David G. Armstrong, DPM, MD, PhD

Hello. I am David G. Armstrong. I am a foot doctor, a toe mechanic if you will. I am a professor of surgery here at the Keck School of Medicine of the University of Southern California in beautiful sunny Los Angeles, where it's beautifully sunny now but even when it's not sunny, it's beautiful and sunny. So hello, it's great to be with you guys once again.

The technology that we're talking about today is really, I mean, probably one of the most boring things that we do collectively in limb preservation. We've said for the longest time it's not what you put on these wounds that heals them, but what you take off. And if we take off what's not viable by debriding the wound, that's important, that's one thing to take off. Another thing we need to take off or we need to redistribute is the weight, is the pressure, and we need to spread force out per unit area and this is what we do is podiatric surgeons, as clinicians in general that are dealing with the high risk diabetic foot. And there have been any number of technologies that have helped us to that, probably the most well known, but unfortunately the least used is the total contact cast and that's still my favorite method of offloading. But my second favorite is probably the second best offloading technology, at least in the past in the lab, and that has been the removable cast walker, there's an RCW or a removable cast boot. They're the same thing.
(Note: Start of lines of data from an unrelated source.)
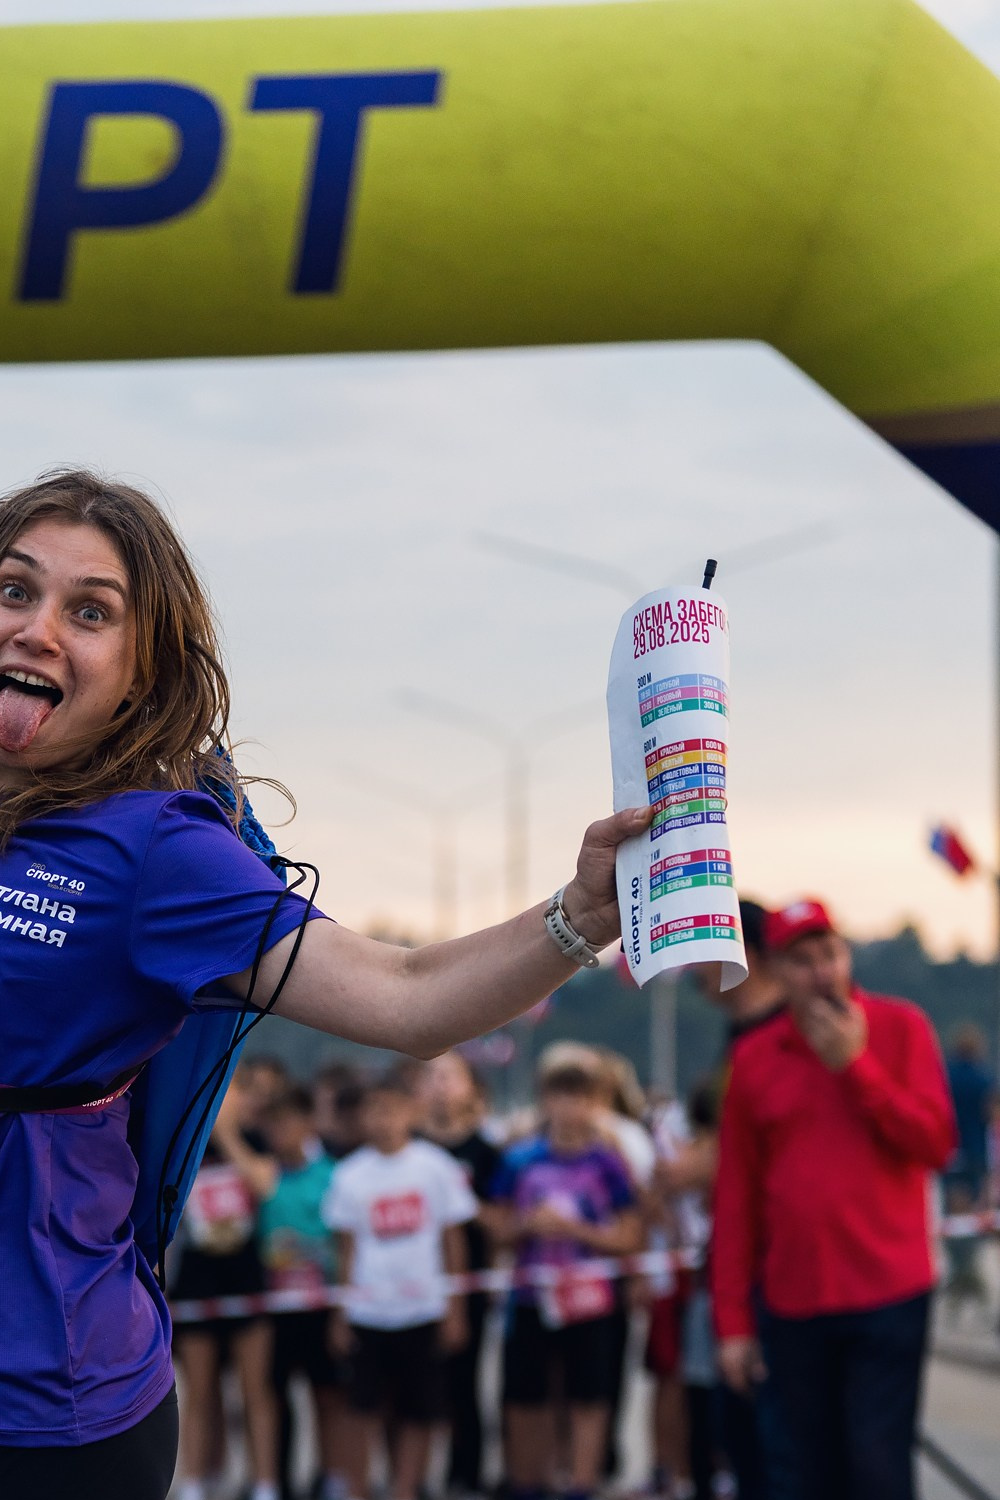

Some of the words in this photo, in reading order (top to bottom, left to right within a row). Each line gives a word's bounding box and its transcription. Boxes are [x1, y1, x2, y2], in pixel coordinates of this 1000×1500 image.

[633, 601, 673, 637] СХЕМА
[677, 599, 729, 634] ЗАБЕГО
[633, 620, 710, 659] 29.08.2025
[657, 689, 681, 705] РОЗОВЫЙ
[703, 689, 713, 698] 300
[703, 701, 714, 709] 300
[660, 742, 685, 757] КРАСНЫЙ
[705, 740, 717, 749] 600
[662, 764, 699, 781] ФИОЛЕТОВЫЙ
[707, 765, 718, 773] 600
[707, 777, 719, 785] 600
[708, 789, 720, 797] 600
[708, 801, 721, 809] 600
[665, 813, 702, 830] ФИОЛЕТОВЫЙ
[709, 813, 721, 821] 600
[716, 850, 726, 859] КМ
[31, 862, 46, 871] PRO
[717, 863, 727, 872] КМ
[26, 868, 68, 886] СПОРТ
[68, 879, 86, 892] 40
[631, 877, 639, 899] 40
[667, 918, 694, 932] КРАСНЫЙ
[714, 916, 720, 924] 2
[720, 916, 730, 925] КМ
[715, 928, 720, 936] 2
[720, 928, 730, 936] КМ
[631, 904, 641, 965] СПОРТ
These technologies have been around for now more than 30 years. And you may have heard of the CAM walker people use that as a general term, although that's actually a brand name for controlled ankle motion, it's not a very effective method at offloading the foot. But subsequent things to that have become really effective at offloading the foot in the lab because they are about is good at offloading as a total contact cast, the gold standard. And when we make the thing irremovable, then in fact, they seem to behave just about the same way from the data that we have as an ambulatory total contact cast in terms of time to healing.
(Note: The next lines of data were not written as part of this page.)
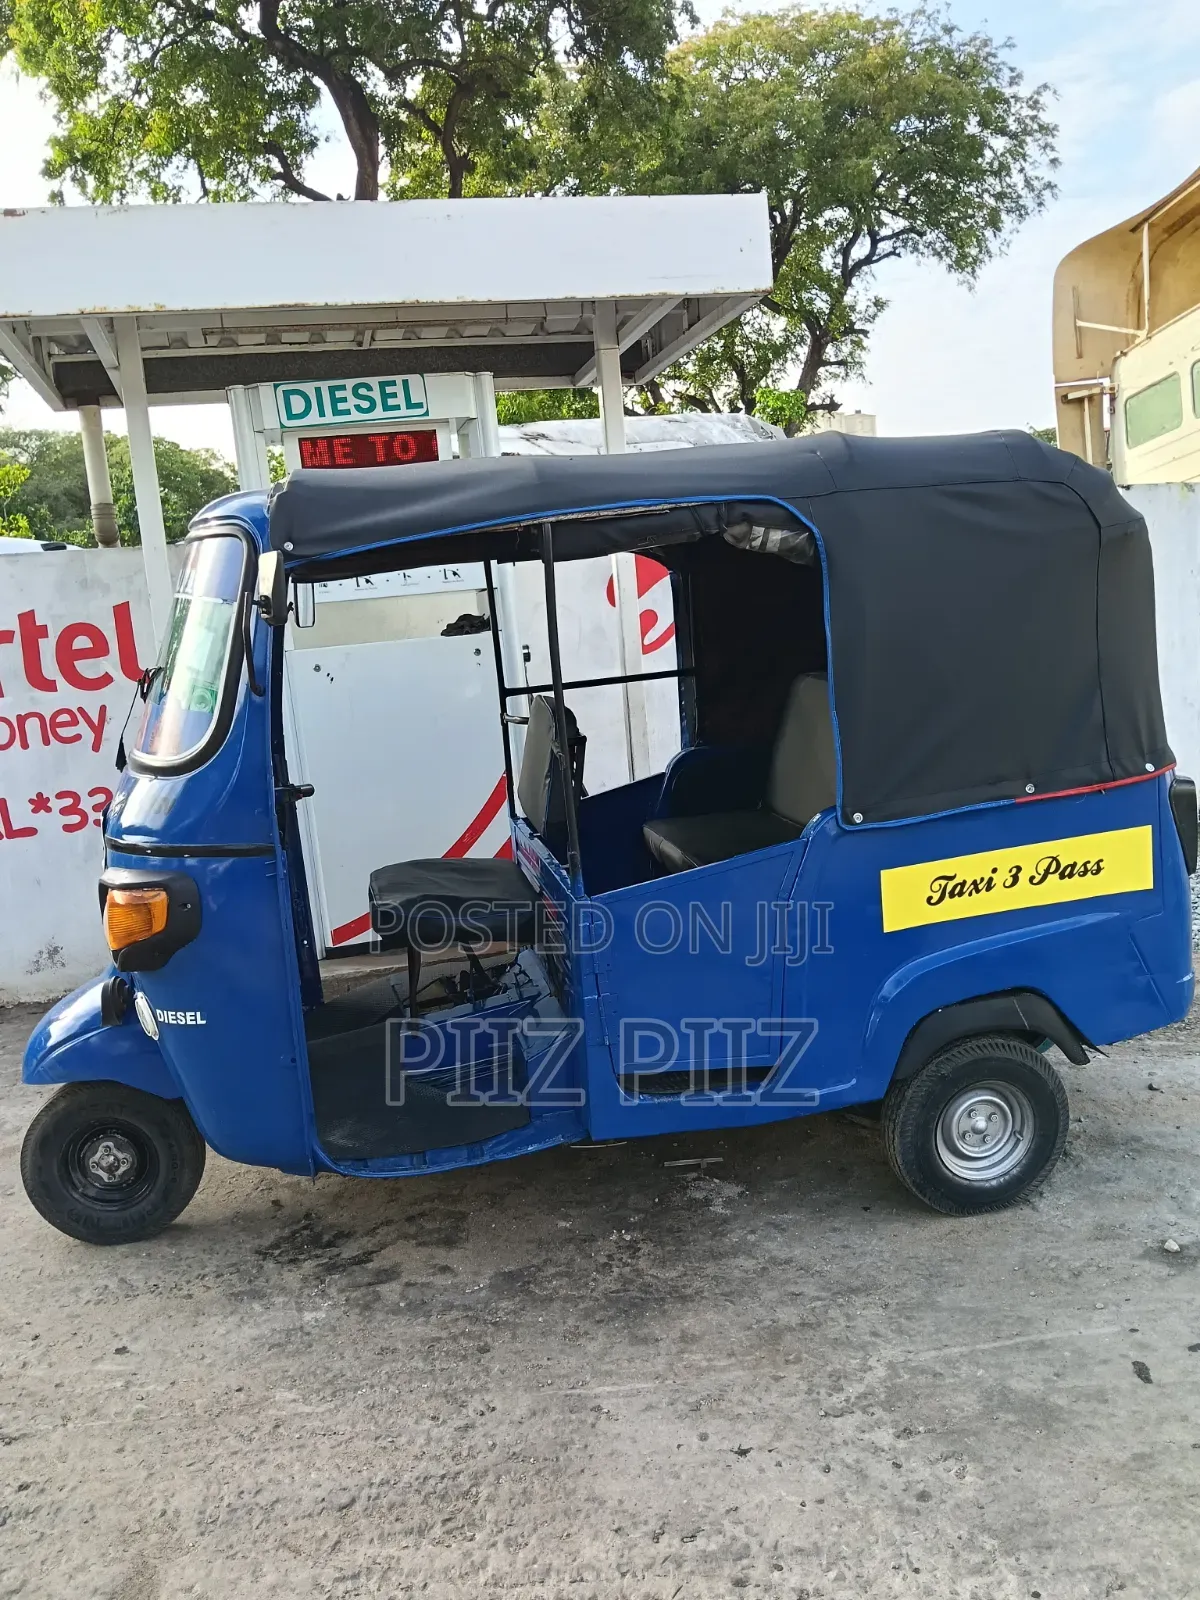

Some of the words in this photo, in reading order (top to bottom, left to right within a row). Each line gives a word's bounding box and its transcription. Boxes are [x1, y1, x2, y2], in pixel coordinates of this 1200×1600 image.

[282, 378, 424, 421] DIESEL
[302, 438, 355, 467] ME
[368, 434, 417, 462] TO
[926, 867, 997, 906] Taxi
[1002, 865, 1023, 888] 3
[1029, 854, 1105, 886] Pass
[156, 1009, 206, 1025] DIESEL
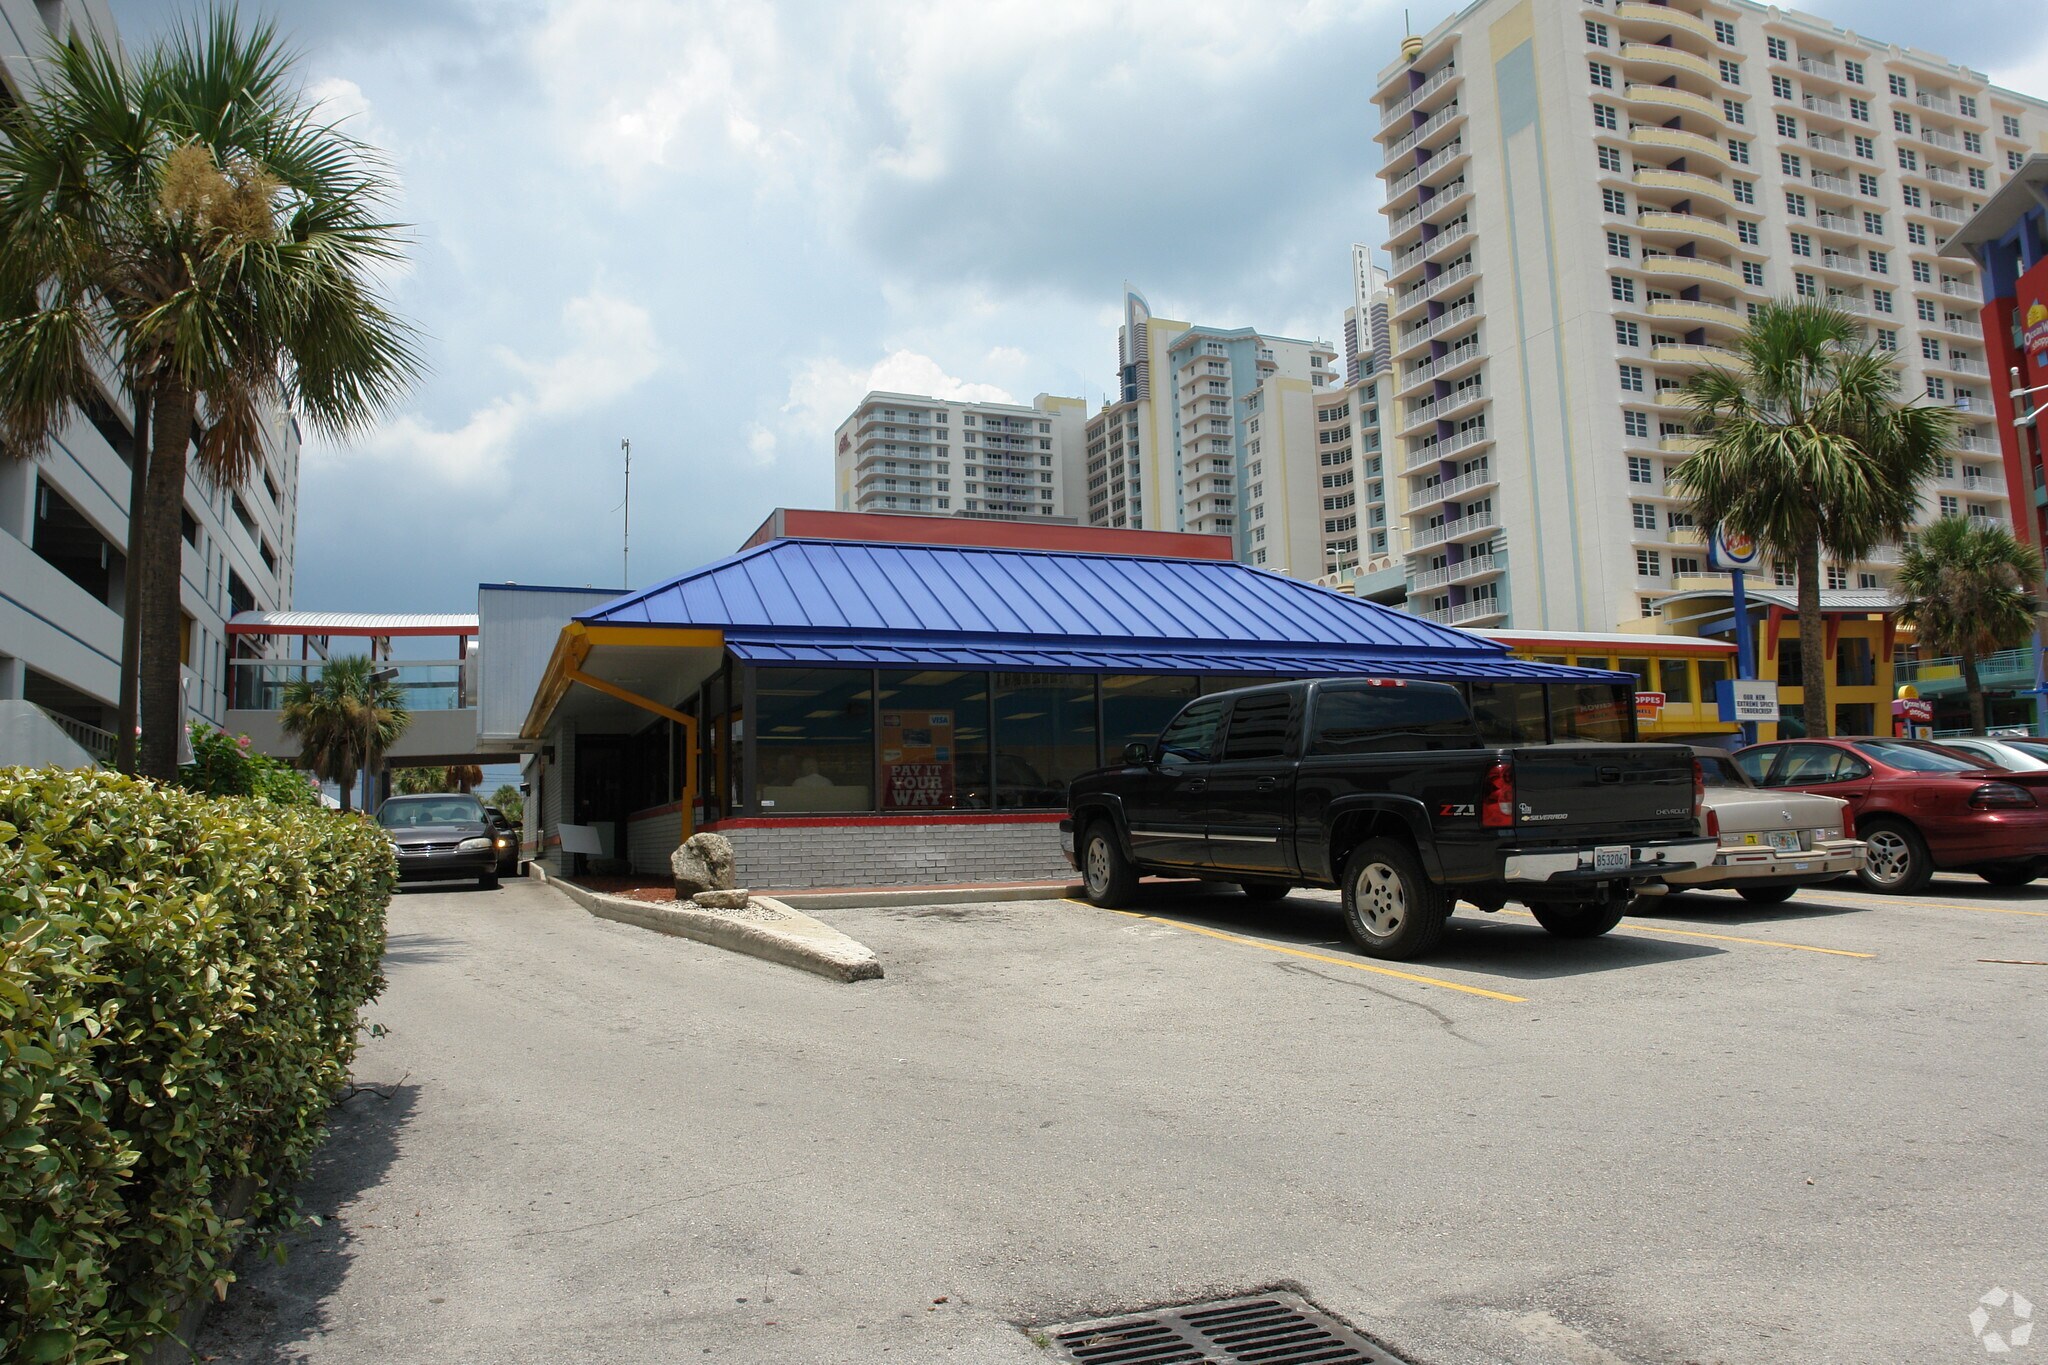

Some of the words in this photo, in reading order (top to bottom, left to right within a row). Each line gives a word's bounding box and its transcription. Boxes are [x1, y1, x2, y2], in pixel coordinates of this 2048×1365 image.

[931, 716, 949, 724] VISA
[891, 765, 922, 776] PAY
[926, 765, 942, 776] IT
[891, 776, 943, 789] YOUR
[891, 789, 943, 806] WAY
[1440, 804, 1475, 816] Z71
[1529, 813, 1569, 821] SILVERADO
[1596, 853, 1628, 867] B532067
The trouble leading up to all of this is that many of the devices that we've used in the past have been heavy, ugly, and I think, the design for these products could have been a lot better and of course we are hearing this from our patient.
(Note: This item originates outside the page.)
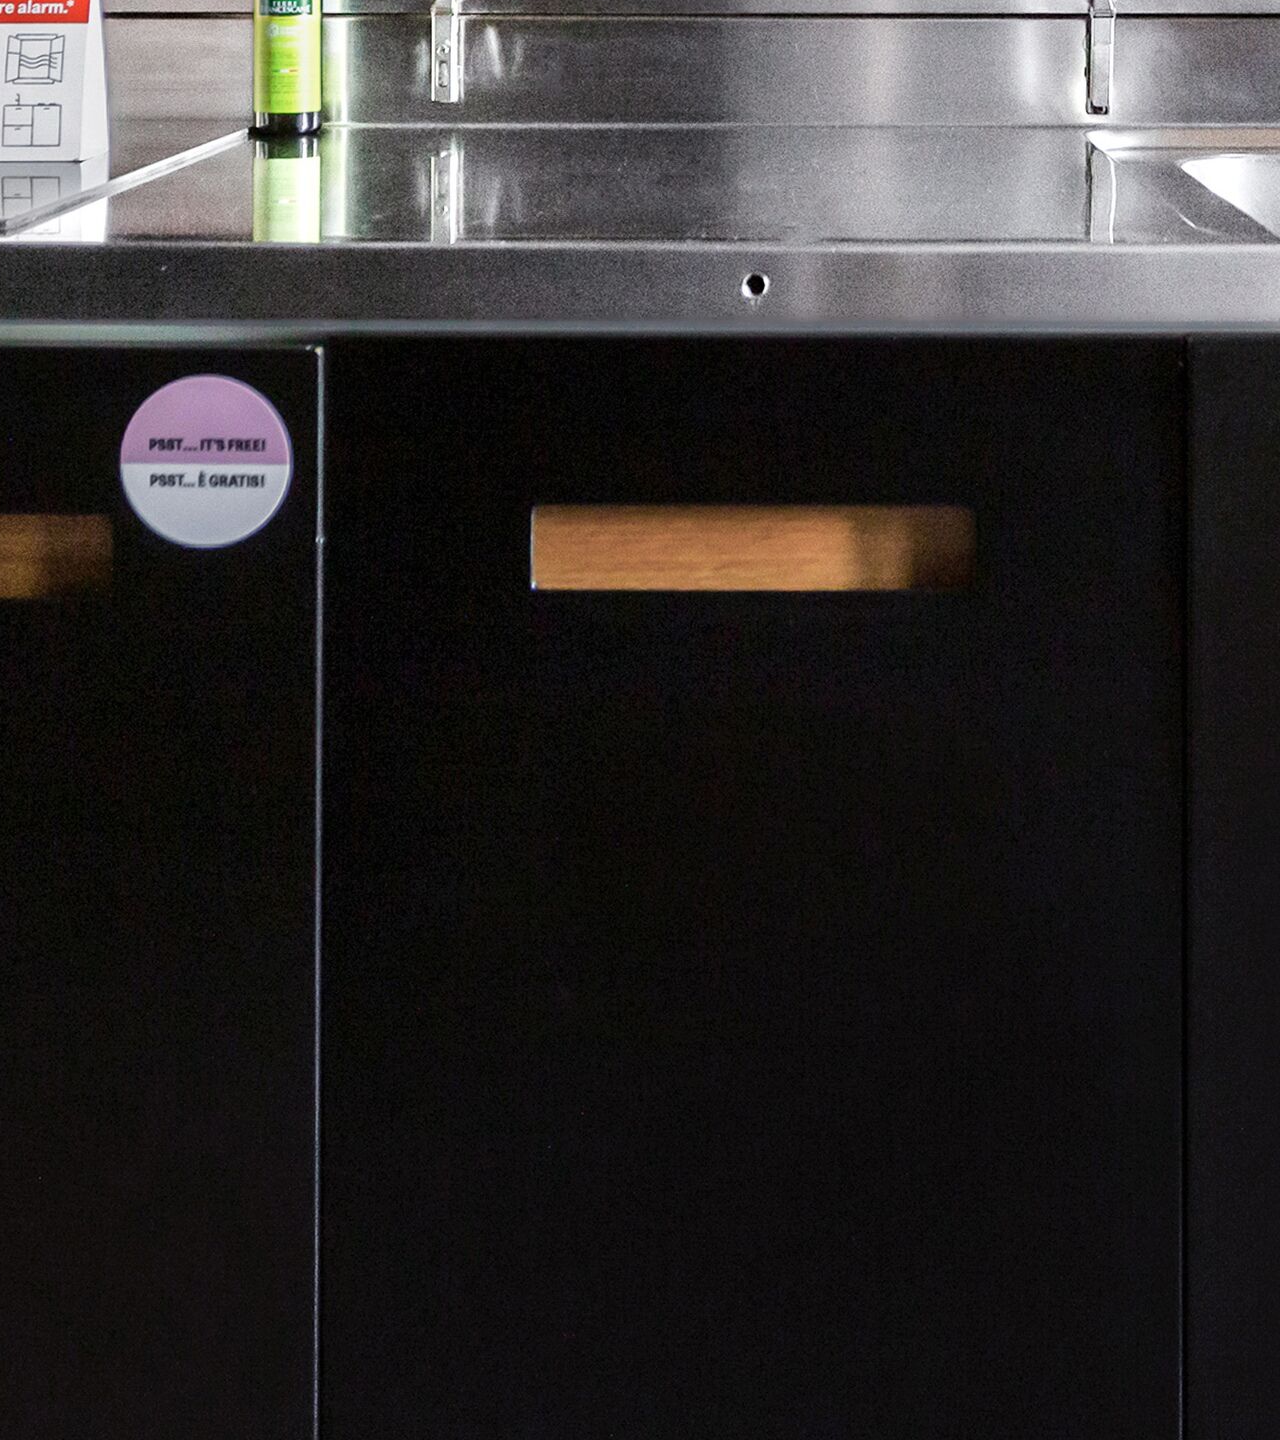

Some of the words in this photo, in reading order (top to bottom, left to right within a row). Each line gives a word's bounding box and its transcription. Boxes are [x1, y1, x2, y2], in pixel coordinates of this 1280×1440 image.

[200, 438, 225, 452] IT'S
[227, 438, 266, 452] FREE!
[197, 470, 207, 488] È
[208, 474, 266, 488] GRATIS!
One of the first technologies where they really tried to listen to the patient, focusing on design. And the device I believe is called the defender boot. And it is a removable cast boot, which you can render irremovable if you like. It came out of the work that one of my really good friends, Jason Hanft, who's a podiatric surgeon, extremely well known podiatric surgeon from Miami. He works with his wife, Maria, and they form a dynamic duo in clinical research down there. And he's had a chance to really work with a lot of this stuff now, and he's come up against these same problems. So he developed this along with a designer, most famously for helping to design Air Jordan's as well as so many other really beautiful technologies.

So this is really the first where intentional design has been brought to bear on a technology to where we can maybe do something with our patients and not to them. Maybe this is one of the first removable cast boots that a doctor would want to wear, or a nurse. And I think that's kind of cool. So there we have it, that's kind of the discussion about this and couldn't be more excited, frankly, as we start to study this technology.